::: Data :::
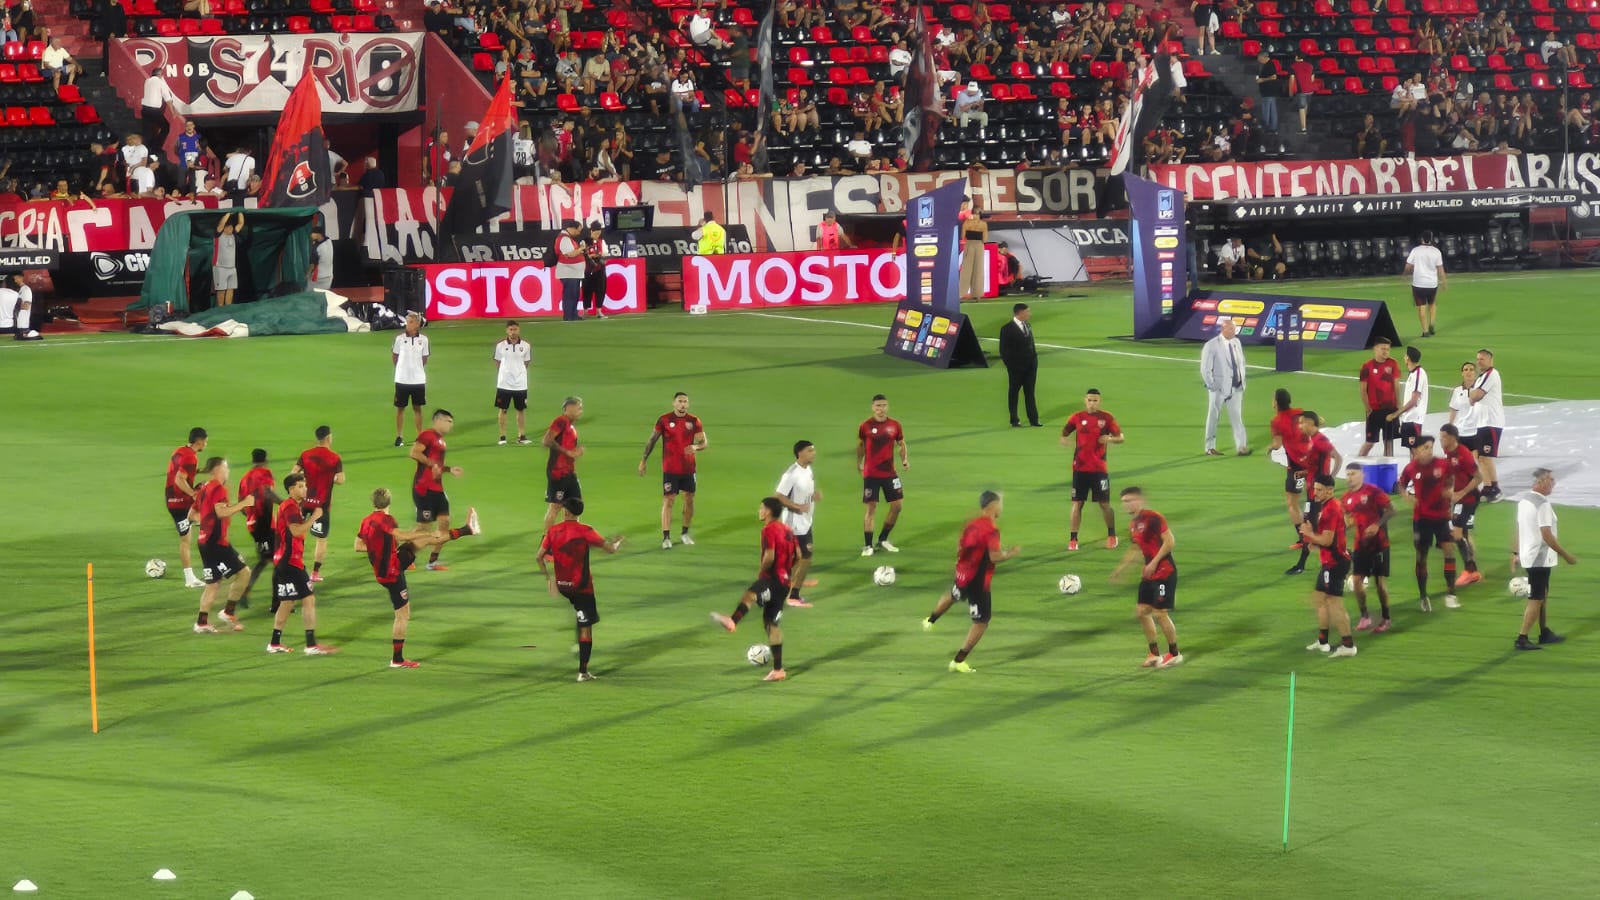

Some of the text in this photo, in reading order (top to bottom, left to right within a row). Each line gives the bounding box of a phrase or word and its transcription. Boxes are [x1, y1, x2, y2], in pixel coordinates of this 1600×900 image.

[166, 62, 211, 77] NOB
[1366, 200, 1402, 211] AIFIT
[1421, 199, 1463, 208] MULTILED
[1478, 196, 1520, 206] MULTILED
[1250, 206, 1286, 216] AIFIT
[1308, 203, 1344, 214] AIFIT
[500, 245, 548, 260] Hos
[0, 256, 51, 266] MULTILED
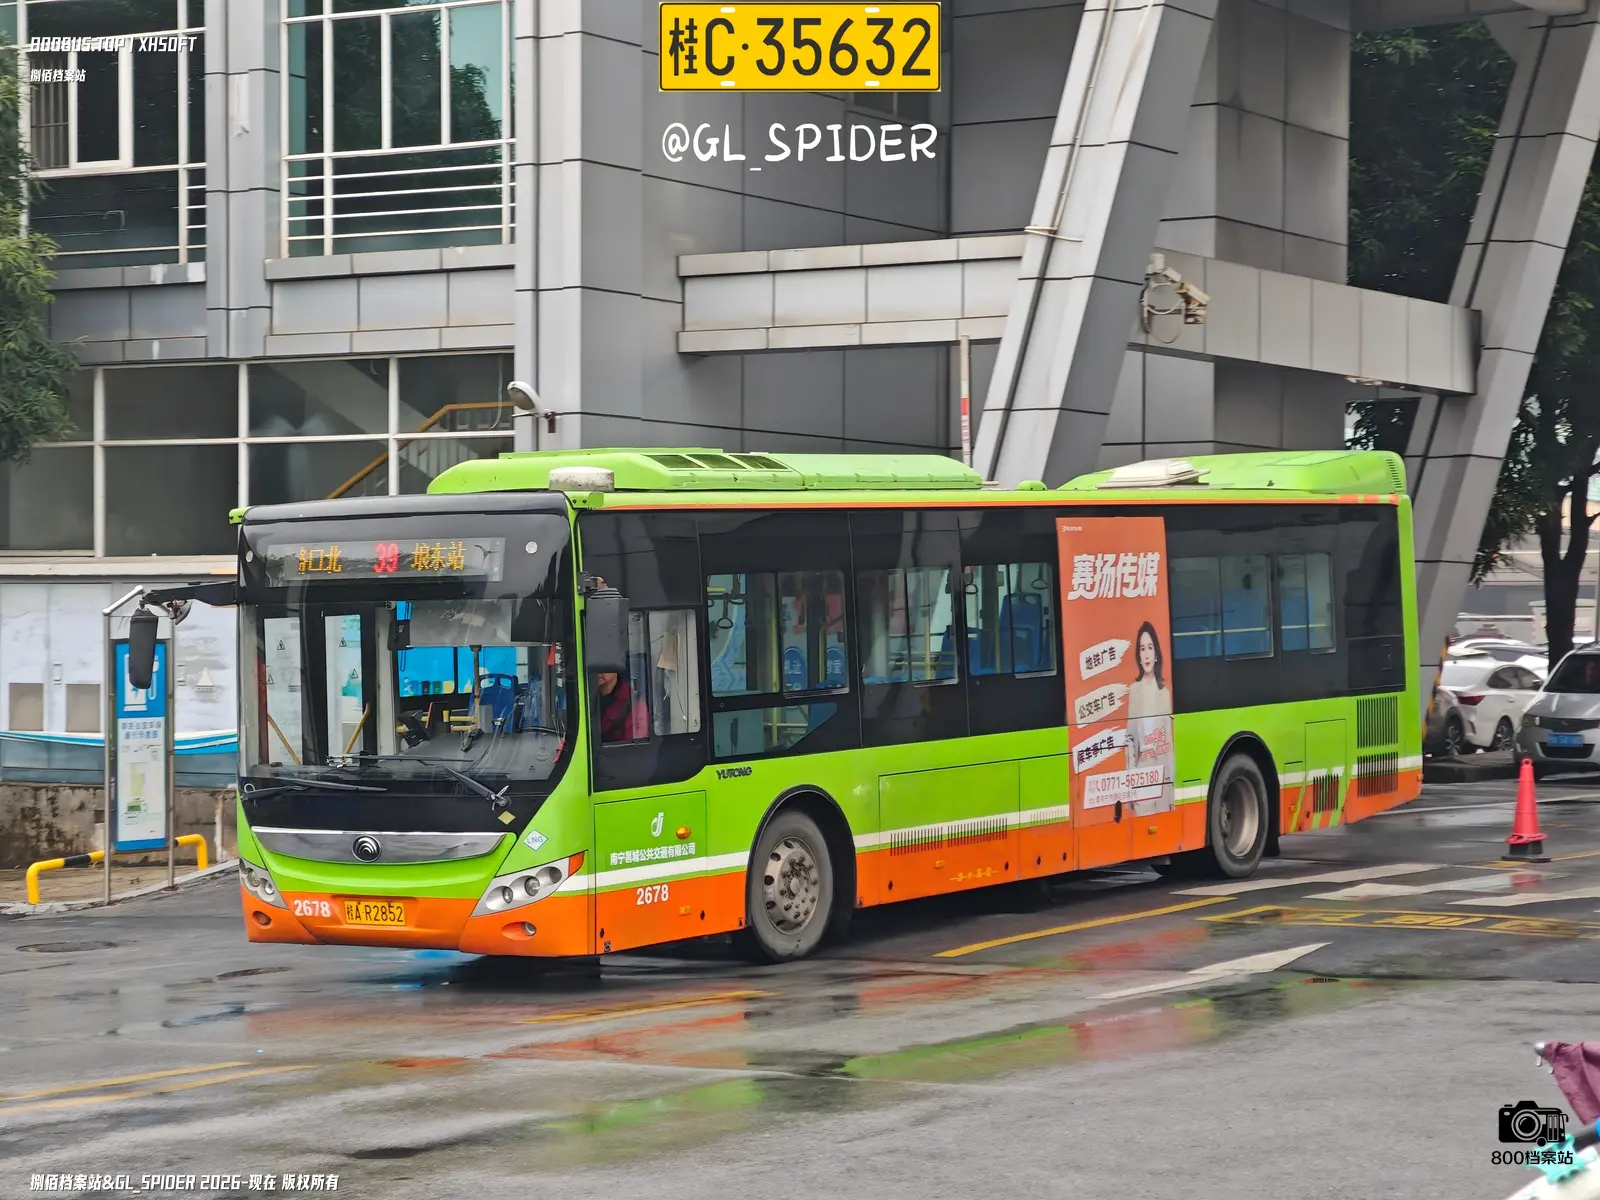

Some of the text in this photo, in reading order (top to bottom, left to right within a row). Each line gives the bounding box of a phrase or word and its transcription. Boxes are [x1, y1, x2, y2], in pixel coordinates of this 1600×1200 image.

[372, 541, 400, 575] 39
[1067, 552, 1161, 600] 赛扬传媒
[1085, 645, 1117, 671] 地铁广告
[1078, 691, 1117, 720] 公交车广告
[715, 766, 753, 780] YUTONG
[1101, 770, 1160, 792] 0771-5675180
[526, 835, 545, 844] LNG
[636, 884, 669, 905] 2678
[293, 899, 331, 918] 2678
:::
• **Exercise goal**: Locate the line that contains "this 1600×1200 image.", then please quote it and every line after it to the end of the entries above, exactly and with nothing else.

• **Response below**:
Some of the text in this photo, in reading order (top to bottom, left to right within a row). Each line gives the bounding box of a phrase or word and its transcription. Boxes are [x1, y1, x2, y2], in pixel coordinates of this 1600×1200 image.

[372, 541, 400, 575] 39
[1067, 552, 1161, 600] 赛扬传媒
[1085, 645, 1117, 671] 地铁广告
[1078, 691, 1117, 720] 公交车广告
[715, 766, 753, 780] YUTONG
[1101, 770, 1160, 792] 0771-5675180
[526, 835, 545, 844] LNG
[636, 884, 669, 905] 2678
[293, 899, 331, 918] 2678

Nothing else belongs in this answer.